When Roberts came to Tallahassee in November 2000, he outlined for the governor the formal process that needed to be followed once the Florida popular vote was certified for Bush. At least one book documenting the period, Too Close to Call by journalist Jeffrey Toobin, said Bush strategists feared Gore attorneys would try to block the state from sending the ''certificate of ascertainment'' -- the list of electors -- to the National Archives. That book documents the elaborate lengths to which the governor's staff went to ensure that the certificate -- which said Bush had won -- was not subpoenaed by Democrats and stopped in its tracks.
DiPietre refused to answer questions on Roberts' role during the recount or why the governor talked to the attorney after his vow to recuse himself from the dispute.
`SALT ON THE WOUNDS'
U.S. Rep. Robert Wexler, a Boca Raton Democrat, seized on Roberts' participation in the 2000 recount and suggested it should be grounds for rejecting his nomination. Wexler suggested the nomination ``threw salt on the wounds of the thousands of Floridians whose voting rights were disenfranchised during the 2000 election.

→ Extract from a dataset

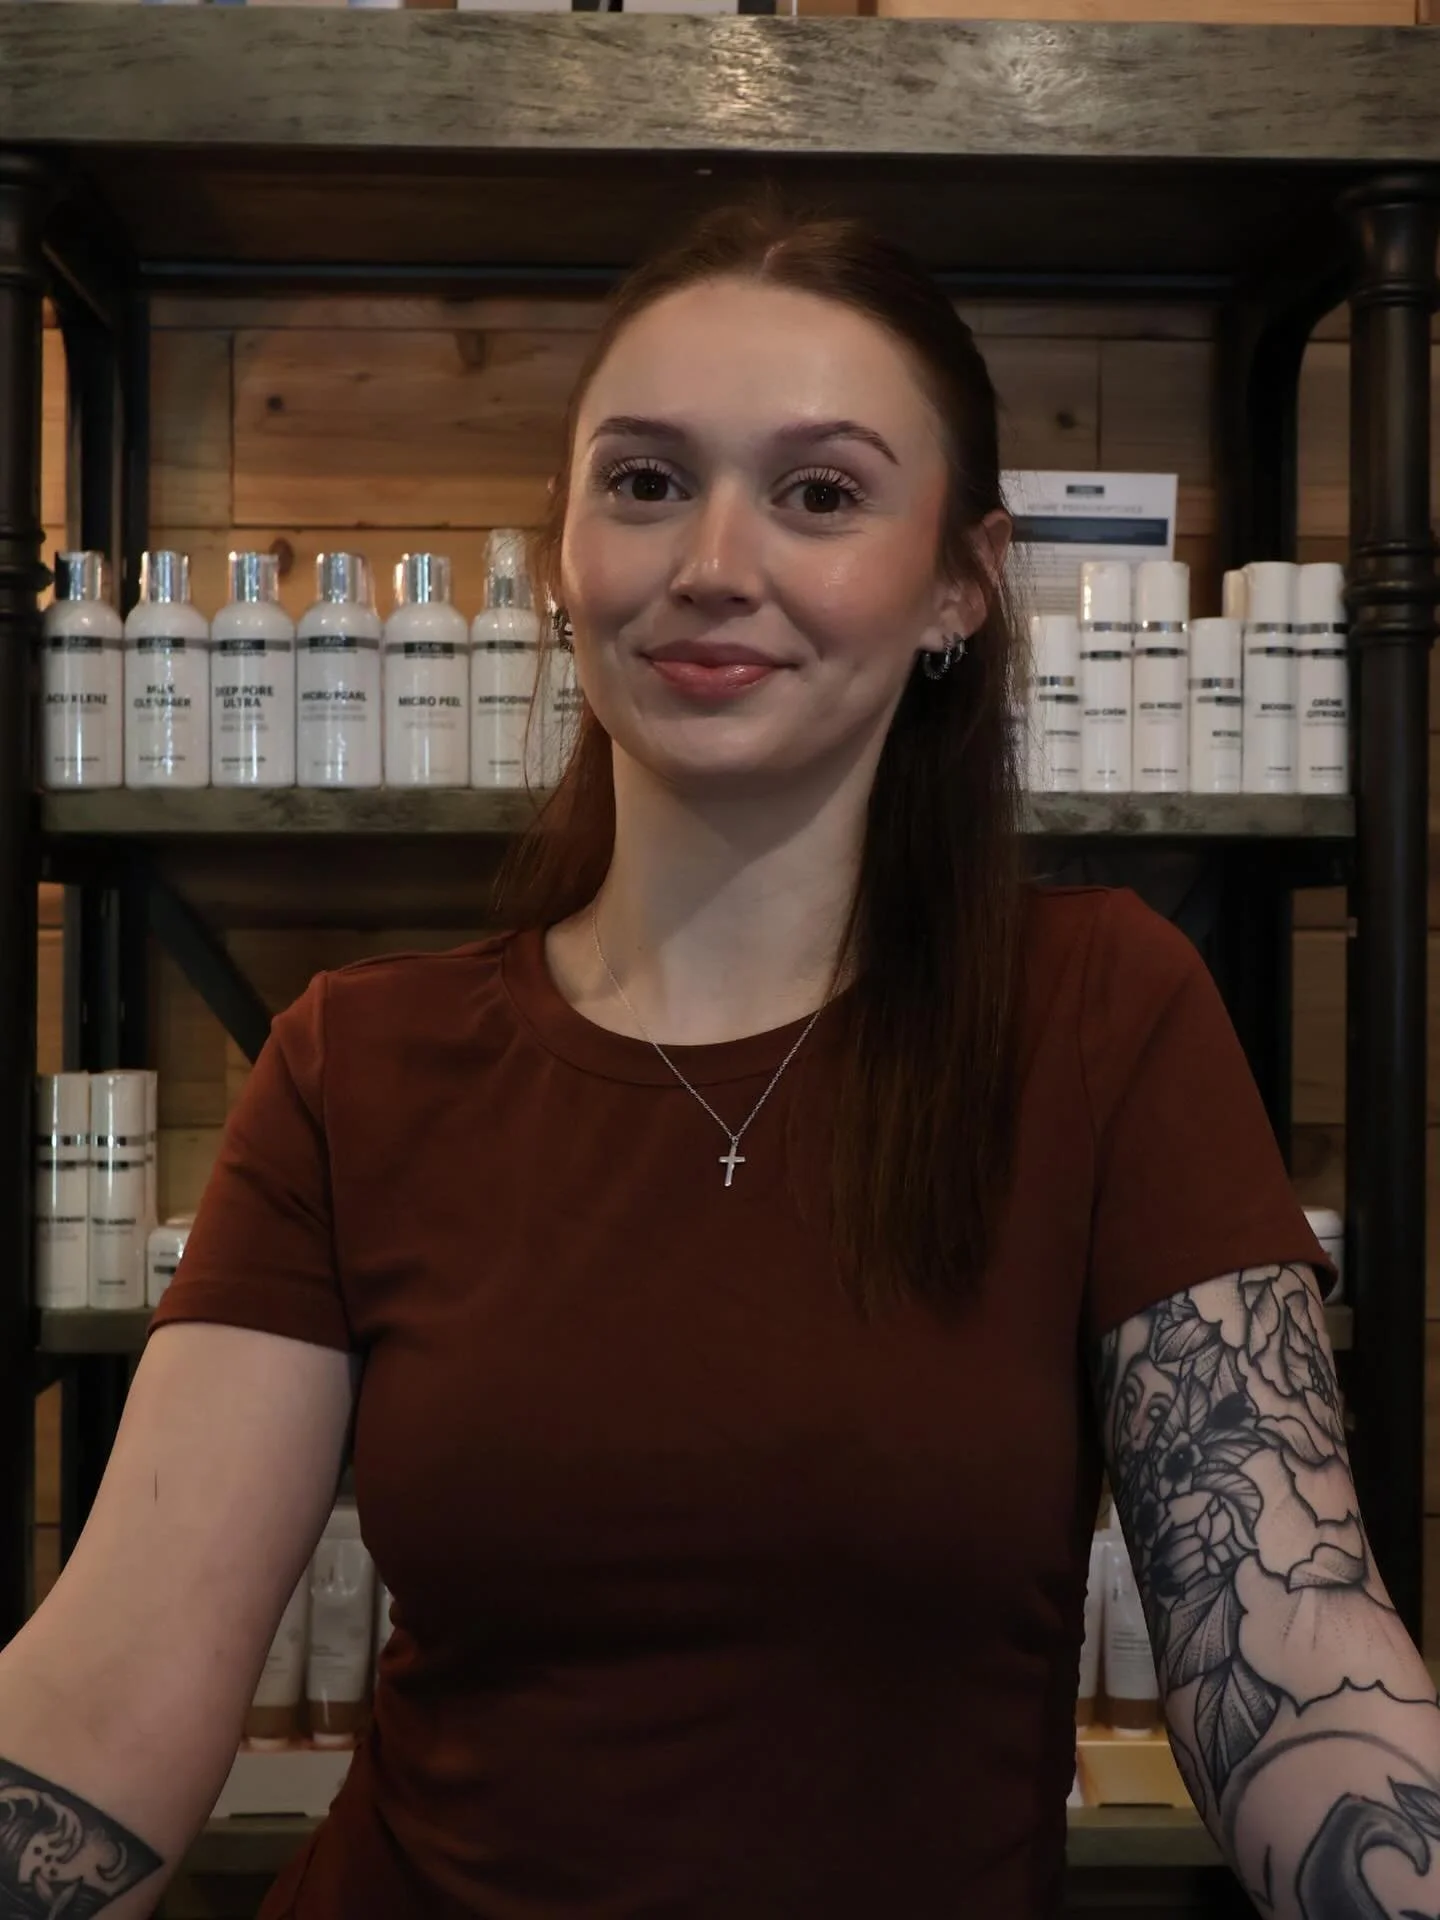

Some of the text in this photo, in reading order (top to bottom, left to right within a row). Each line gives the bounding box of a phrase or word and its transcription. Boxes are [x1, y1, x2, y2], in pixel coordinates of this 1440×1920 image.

[242, 685, 274, 697] PORE
[398, 695, 462, 707] MICRO PEEL
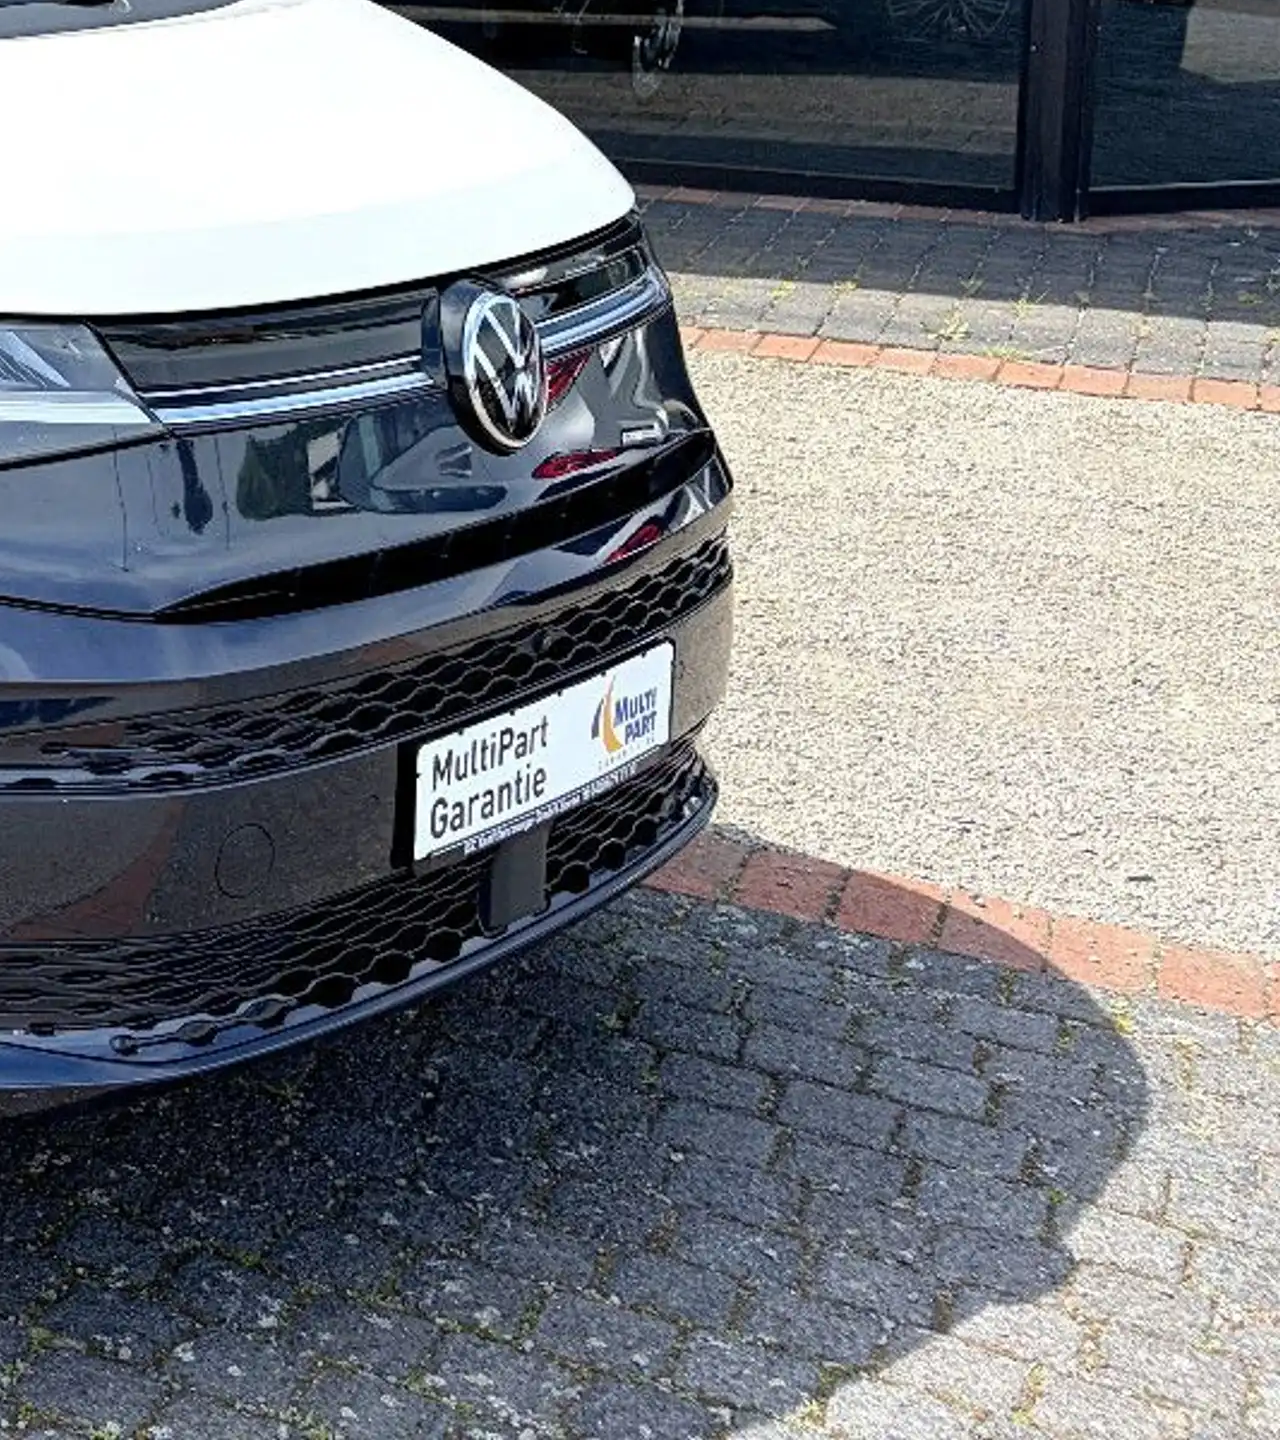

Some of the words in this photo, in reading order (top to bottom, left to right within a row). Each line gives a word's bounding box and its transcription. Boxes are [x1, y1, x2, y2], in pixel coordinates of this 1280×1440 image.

''Judge Roberts worked to ensure that George Bush would become president -- regardless of what the courts might decide,'' Wexler said, relying on news accounts that suggested Roberts gave the governor advice on how the state Legislature could name Bush the winner. ``And now he is being rewarded for that partisan service by being appointed to the nation's highest court.''
U.S. Rep. Tom Feeney, an Oviedo Republican who was state House Speaker during the tumultuous recount period, shot back that involvement in the recount effort would automatically disqualify a lot of lawyers.
That viewpoint was echoed by Benjamin Ginsberg, who was chief counsel for the Bush-Cheney 2000 campaign.
Roberts ''was not part of the Bush-Cheney operation,'' Ginsberg said. ``What's cool about that time in Florida is it attracted a lot of constitutional lawyers and they were brought in as fast as possible. It was Woodstock for constitutional lawyers.''
Both Feeney and one of the top lawyers for the Florida House of Representatives said Wednesday that the idea of having the GOP-controlled Legislature intervene in the recount controversy arose in the chamber itself, and that outside lawyers actually frowned on the notion.
STATE TIES
Since the recount, the ties between Hogan & Hartson have deepened with Gov. Bush's administration. Carol Licko, the governor's first general counsel, became a partner with Hogan & Hartson after her Miami firm was acquired by the bigger Washington firm.
Hogan & Hartson, which didn't open its first Florida office until 2000, has handled several high profile cases for the state of Florida in the past five years, including representing the state in a water-rights dispute against Georgia and Alabama. Hogan & Hartson also represented the state in a court fight against Coastal Petroleum, a company that held leases to drill for oil in the Gulf of Mexico. Earlier this summer the state reached a settlement to buy back the leases from Coastal.
Herald staff writers Marc Caputo, Lesley Clark, Carol Rosenberg and Jay Weaver contributed to this report.